Lance: AAAAAAAAAAAAAAAAAAAAAAAAAAAAAAAHHHHHHHHHH!!!

*Lance runs into the kitchen*

Kathy: Wait for me!

Britney: Whoa, hold up skank, you ain't getting any tonight.

Kathy: Yeah, you better step up, beeeeeatch.

Justin: Ladies, ladies...

Kathy: Oh be quiet Justin, I like Lance more than you anyway.

Britney: Now that is just mean! Prepare yourselves, hootchie.

Justin: You...you mean people actually like Lance more than me...?

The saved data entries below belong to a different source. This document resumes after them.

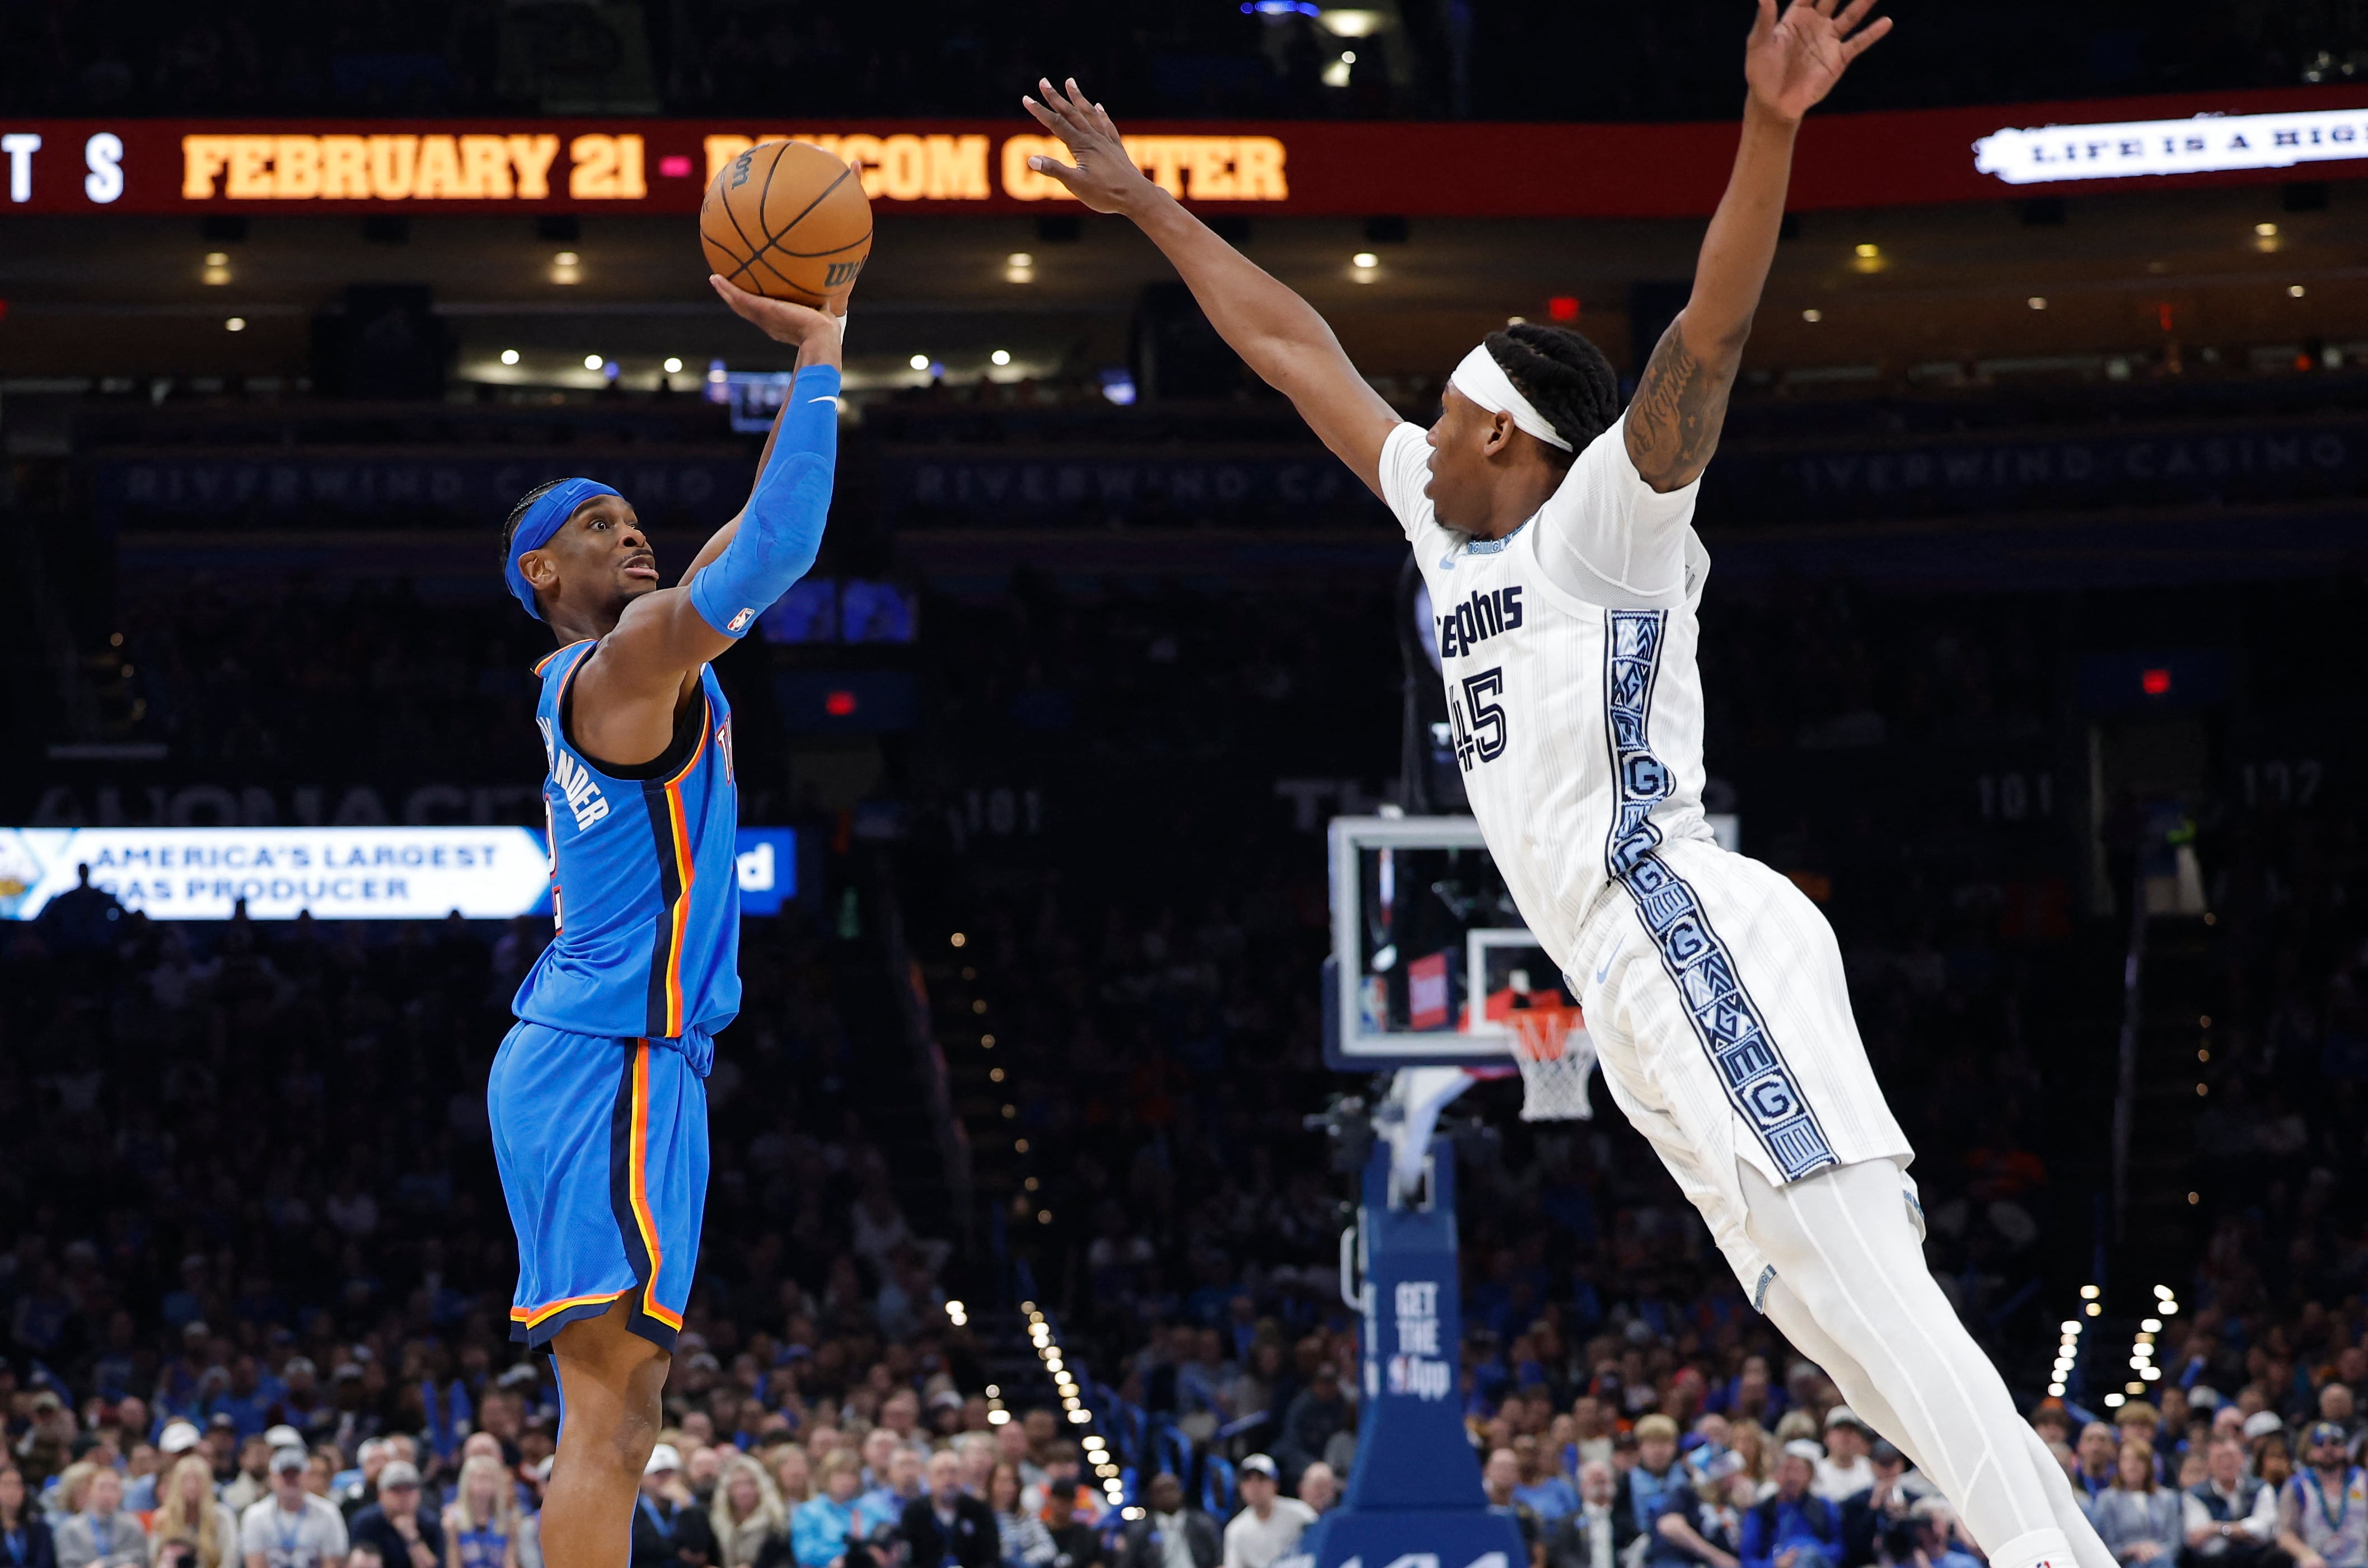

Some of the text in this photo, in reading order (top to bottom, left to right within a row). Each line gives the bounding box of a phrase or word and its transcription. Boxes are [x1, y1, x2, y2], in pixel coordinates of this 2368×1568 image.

[2032, 124, 2368, 163] LIFE IS A HIG
[182, 134, 558, 200] FEBRUARY
[569, 134, 647, 200] 21
[1786, 446, 2093, 494] IVERWIND
[96, 845, 497, 868] AMERICA'S LARGEST
[186, 877, 411, 901] PRODUCER
[1395, 1281, 1439, 1316] GET
[1396, 1318, 1440, 1356] THE
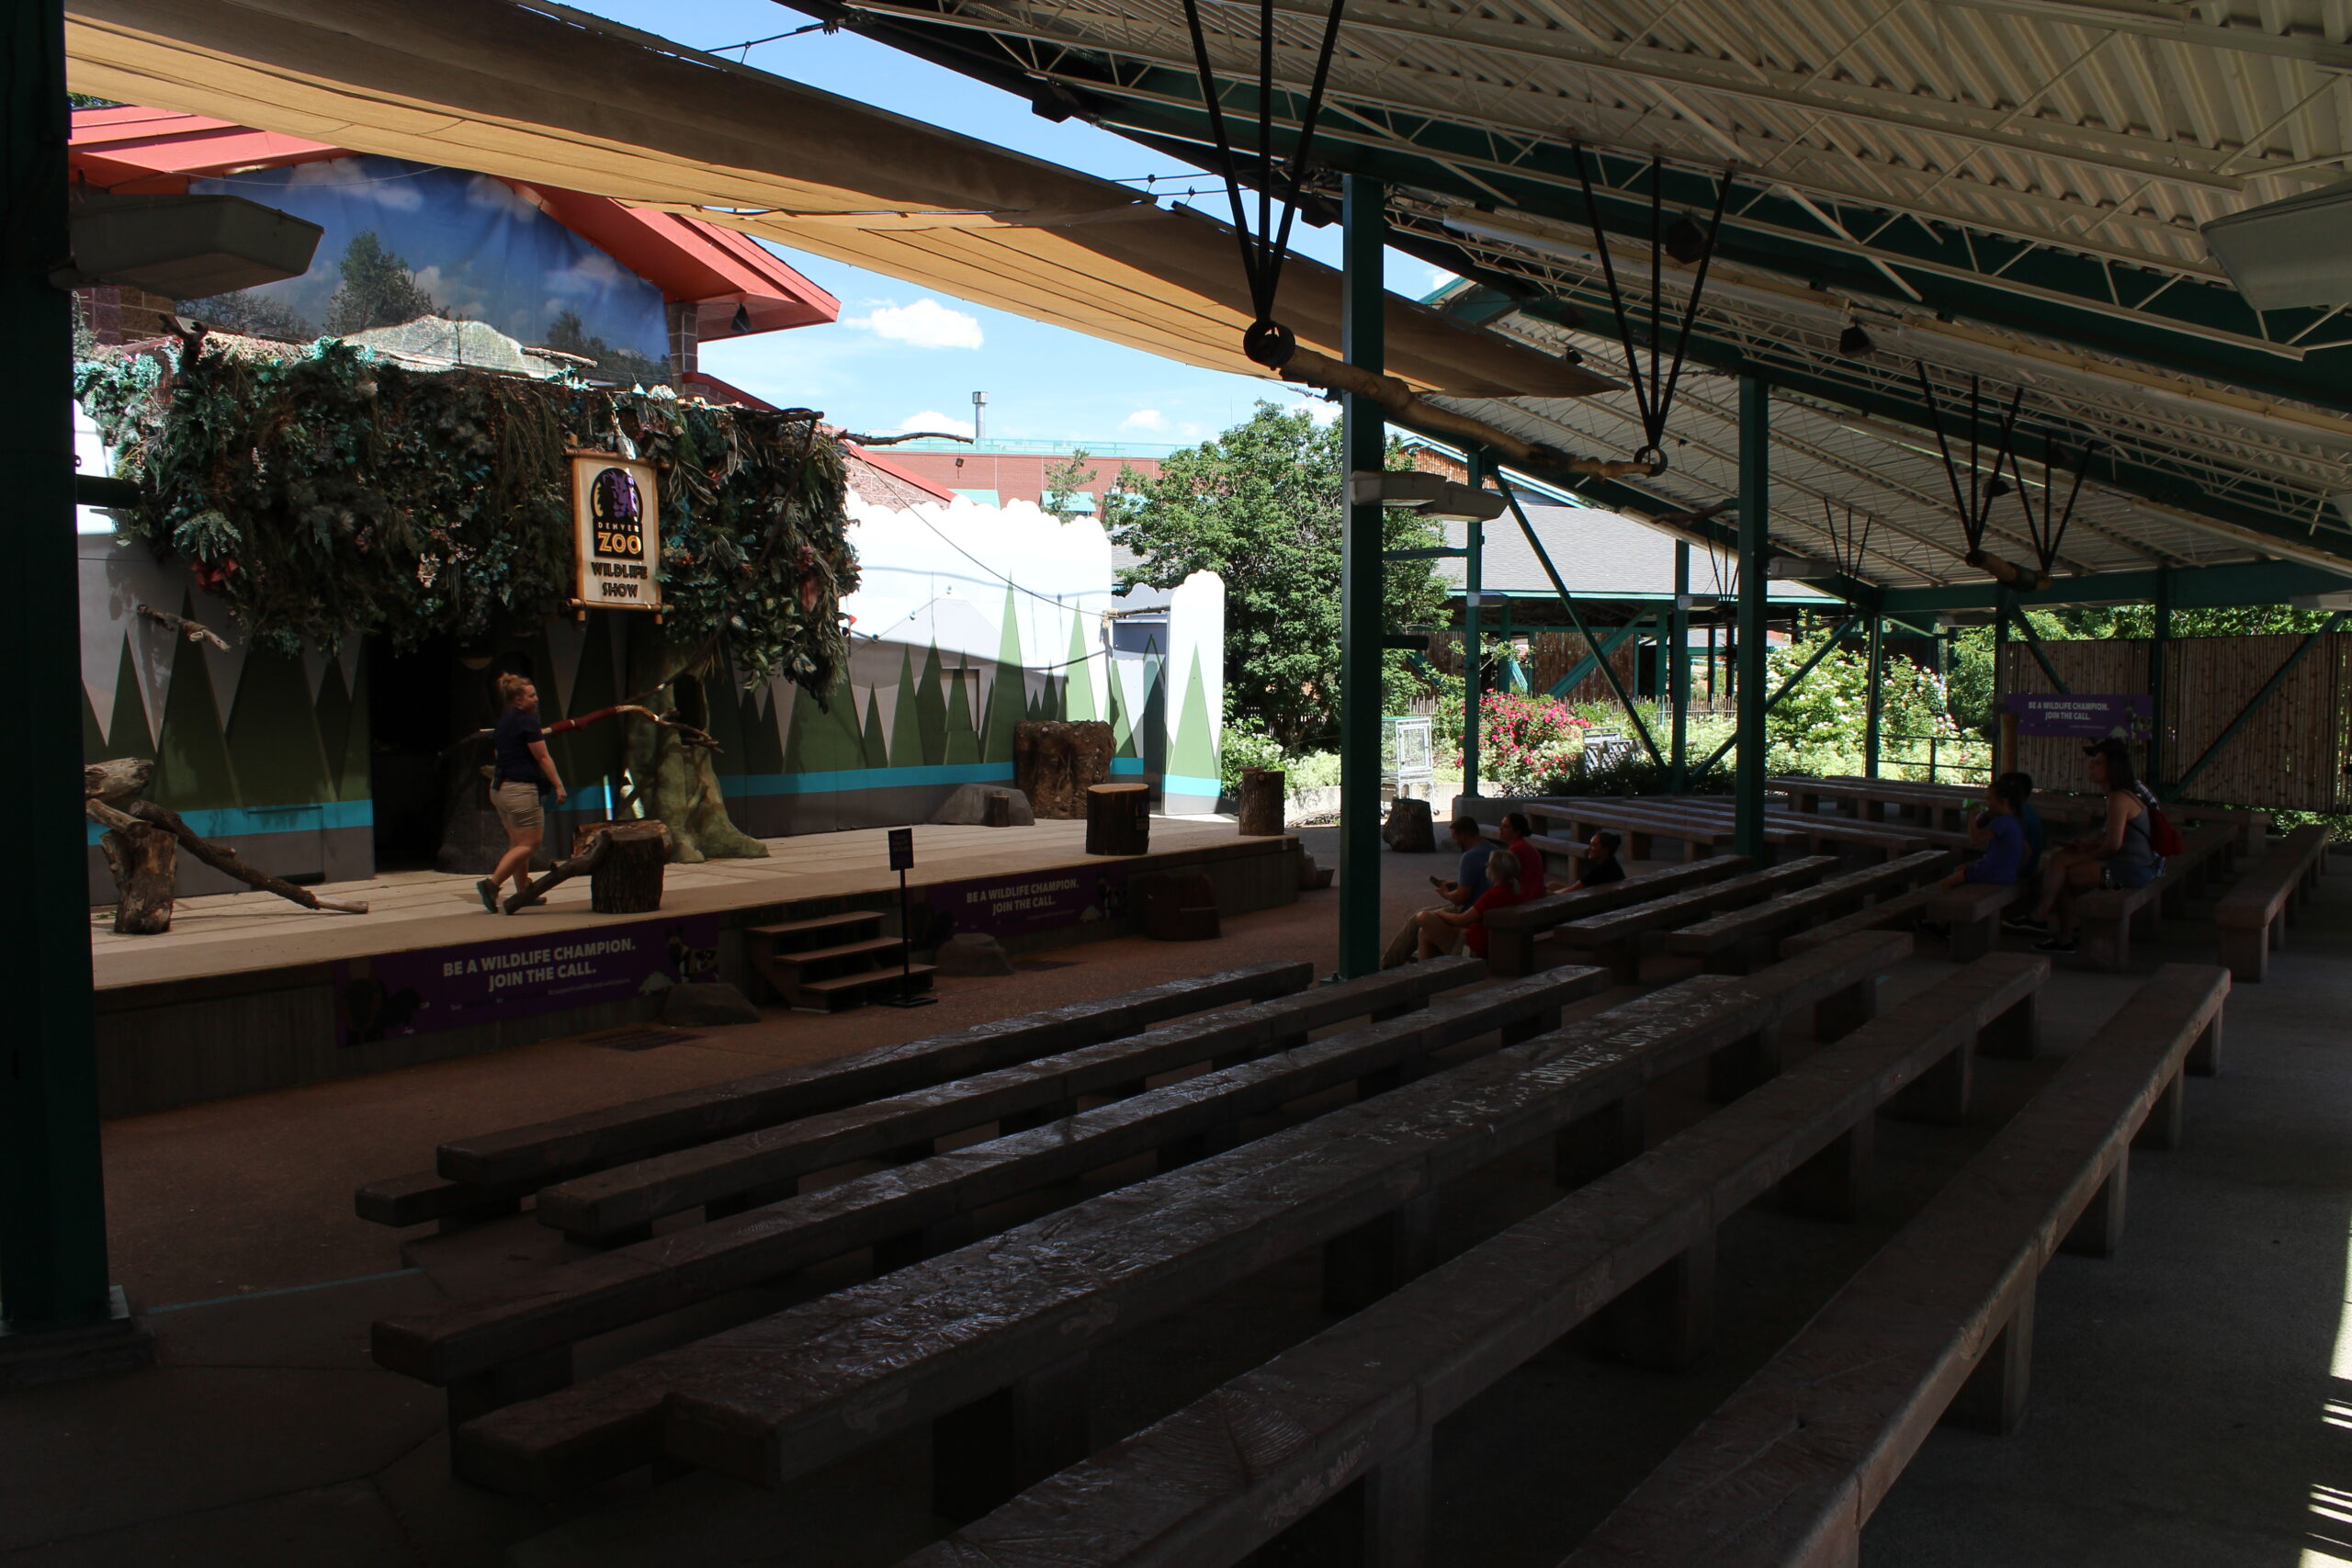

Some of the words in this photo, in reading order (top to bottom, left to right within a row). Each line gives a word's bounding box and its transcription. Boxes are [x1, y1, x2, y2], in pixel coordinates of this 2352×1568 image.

*Justin starts to cry as Kathy and Britney have a bloody fistfight. Just then Joey comes out of the kitchen with Howie and Lance clinging to his neck and food stains all over his mouth*

BW: So, Joey, please tell me we're at least getting a decent meal.

Joey: Meal? What?

BW: You know, our dinner? That you were cooking?

Joey: Oh...I ate it.

BW: WHAT!? All of it?

Joey: Well, Howie helped, but it was mostly me.

BW: But what about our dinner!?

JC: There! I finally got it! Guys, our new song, "What Are You Doing This Christmas?"! Guys? What's going on?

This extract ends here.